GMD-based low complexity hybrid precoding in millimeter-wave massive MIMO systems

针对毫米波大规模多输入多输出(multiple input multiple output, MIMO)系统中,基于几何均值分解(geometric mean decomposition, GMD)的混合预编码方案计算复杂度高的难题,提出一种基于GMD的低复杂度混合预编码方案。根据交替最小化原则,通过基于阶递归最小二乘的广义正交匹配追踪算法设计具有非凸约束的模拟预编码器;当模拟预编码器确定后,基于最小二乘准则设计数字预编码器。通过在每次迭代中选择多个向量减少最大迭代次数以及利用阶递归最小二乘避免模拟预编码器设计中的矩阵求逆来降低方案复杂度。
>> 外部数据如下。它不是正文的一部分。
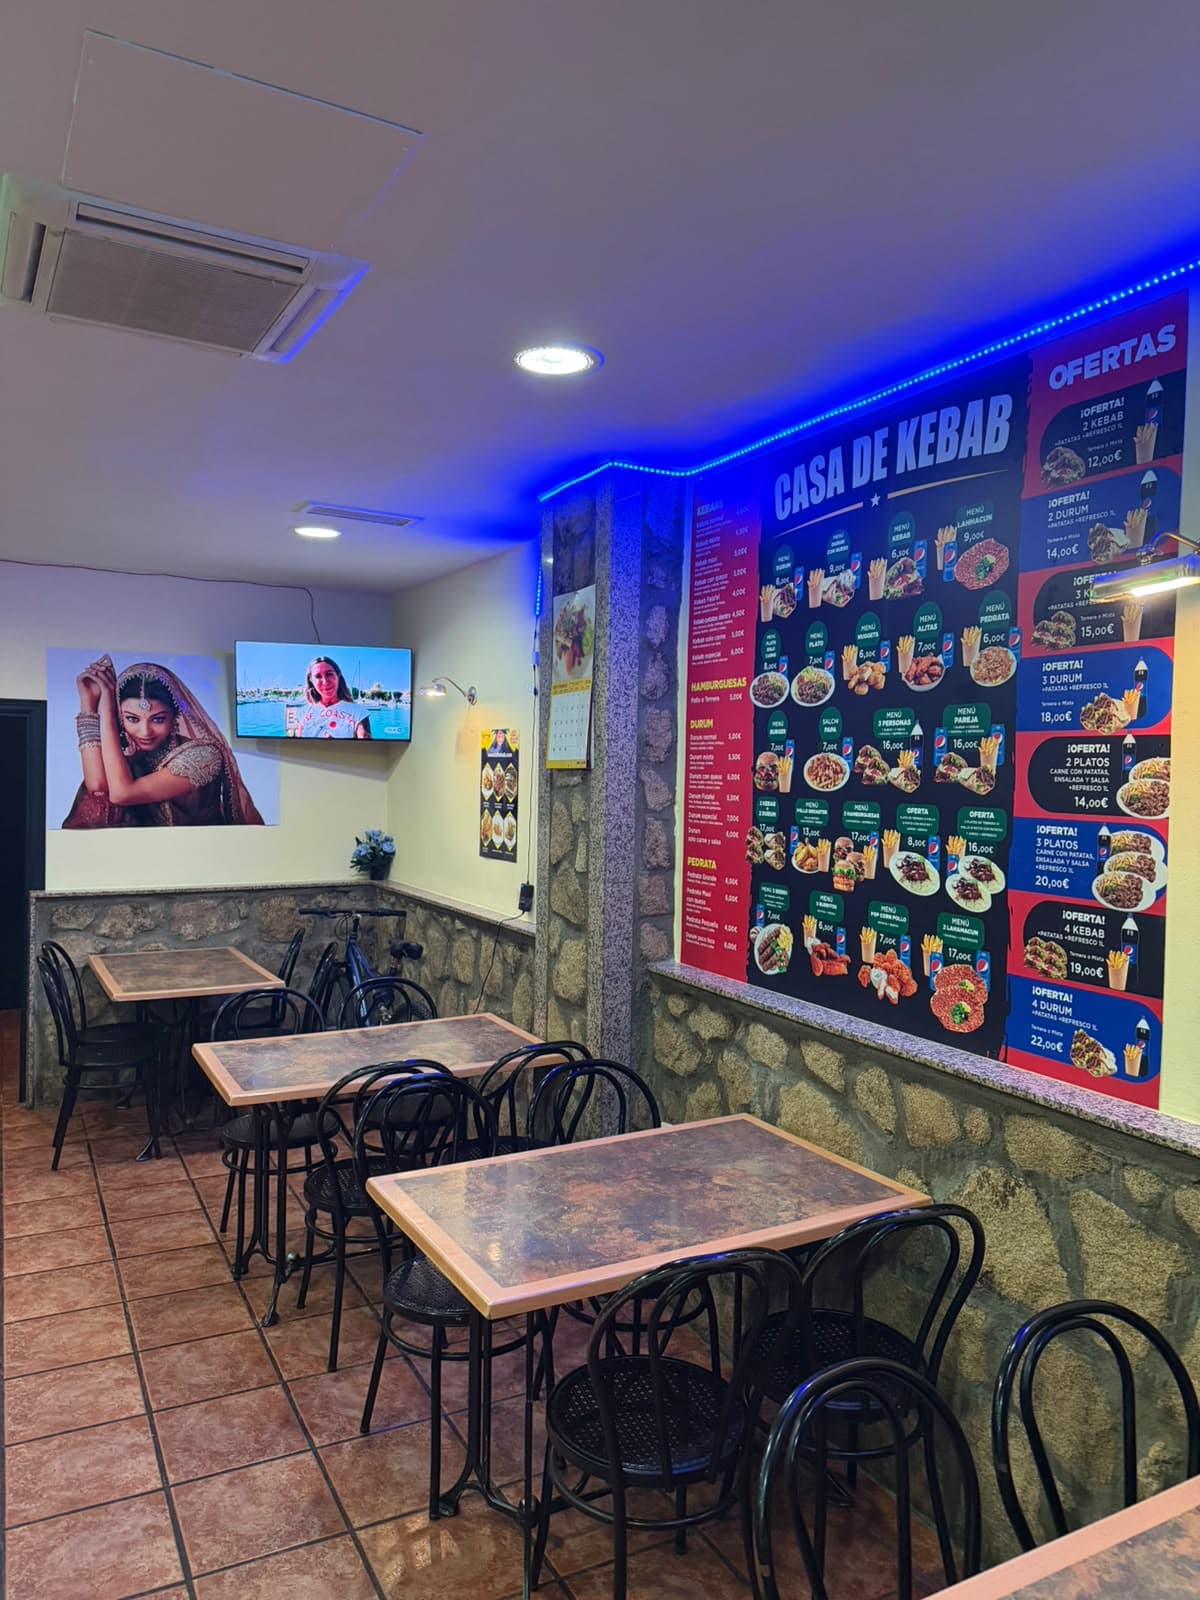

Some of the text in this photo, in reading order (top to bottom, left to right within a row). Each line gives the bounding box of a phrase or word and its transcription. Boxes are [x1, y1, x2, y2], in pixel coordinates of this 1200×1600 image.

[1049, 324, 1176, 390] OFERTAS
[1080, 397, 1125, 419] ¡OFERTA!
[1082, 411, 1124, 431] 2 KEBAB
[774, 394, 1012, 520] CASA DE KEBAB
[1088, 449, 1122, 468] 12,00€
[1048, 490, 1089, 508] ¡OFERTA!
[966, 505, 984, 516] MENÚ
[1048, 504, 1088, 521] 2 DURUM
[894, 522, 909, 532] MENÚ
[892, 532, 911, 541] KEBAB
[964, 531, 984, 542] 9,00€
[892, 548, 909, 558] 6,50€
[1046, 544, 1079, 559] 14,00€
[1076, 590, 1081, 599] 3
[986, 602, 1005, 612] MENÚ
[919, 614, 936, 623] MENÚ
[917, 623, 938, 632] ALITAS
[1081, 624, 1114, 638] 15,00€
[809, 640, 824, 648] PLATO
[983, 633, 1005, 644] 6,00€
[917, 642, 936, 652] 7,00€
[859, 649, 876, 659] 6,50€
[1042, 659, 1083, 672] ¡OFERTA!
[1042, 673, 1082, 684] 3 DURUM
[691, 677, 747, 692] HAMBURGUESAS
[957, 707, 976, 715] MENÚ
[1041, 711, 1072, 724] 18,00€
[690, 719, 713, 728] DURUM
[823, 742, 838, 751] 7,00€
[883, 740, 903, 750] 16,00€
[953, 739, 978, 749] 16,00€
[1068, 744, 1110, 754] ¡OFERTA!
[1066, 758, 1110, 767] 2 PLATOS
[1074, 796, 1108, 809] 14,00€
[969, 811, 994, 819] OFERTA
[803, 828, 820, 837] 13,00€
[1037, 825, 1078, 836] ¡OFERTA!
[851, 832, 870, 841] 17,00€
[907, 837, 925, 847] 8,50€
[968, 842, 994, 854] 16,00€
[1036, 838, 1078, 850] 3 PLATOS
[687, 856, 717, 870] PEDRATA
[1036, 856, 1065, 865] ENSALADA
[1071, 859, 1089, 867] SALSA
[1035, 865, 1067, 873] +REFRESCO
[1035, 875, 1069, 889] 20,00€
[952, 918, 969, 926] MENÚ
[1062, 910, 1105, 925] ¡OFERTA!
[1064, 924, 1104, 939] 4 KEBAB
[880, 934, 896, 945] 7,00€
[948, 948, 971, 961] 17,00€
[1070, 962, 1104, 978] 19,00€
[1032, 986, 1072, 1003] ¡OFERTA!
[1032, 1000, 1072, 1016] 4 DURUM
[1030, 1035, 1063, 1053] 22,00€
通过对复杂度及频谱效率和误码率性能的仿真结果分析表明,所提方案在显著降低计算复杂度并提高预编码效率的情况下,性能接近现有基于GMD的混合预编码方案,并且误码率优于传统基于奇异值分解(singular value decomposition, SVD)的混合预编码方案。

Aiming at the high computational complexity of GMD-based hybrid precoding scheme in millimeter-wave massive MIMO systems,we propese a low complexity GMD-based hybrid precoding scheme.According to the principle of alternating minimization,a generalized orthogonal matching pursuit algorithm based on order recursive least squares is firstly used to design an analog precoder with non-convex constraints.Second,when the analog precoder is determined,the digital precoder is designed based on the least squares criterion.The complexity of the scheme is reduced by selecting multiple vectors in each iteration to reduce the maximum number of iterations and using order recursive least squares to avoid matrix inversion in the analog precoder design.Through the analysis of complexity and the simulation results of spectral efficiency and bit error rate performance,this scheme is very close to the existing GMD-based hybrid precoding scheme in the case of significantly reducing computational complexity and improving precoding efficiency,and the bit error rate is better than the traditional SVD-based hybrid precoding scheme.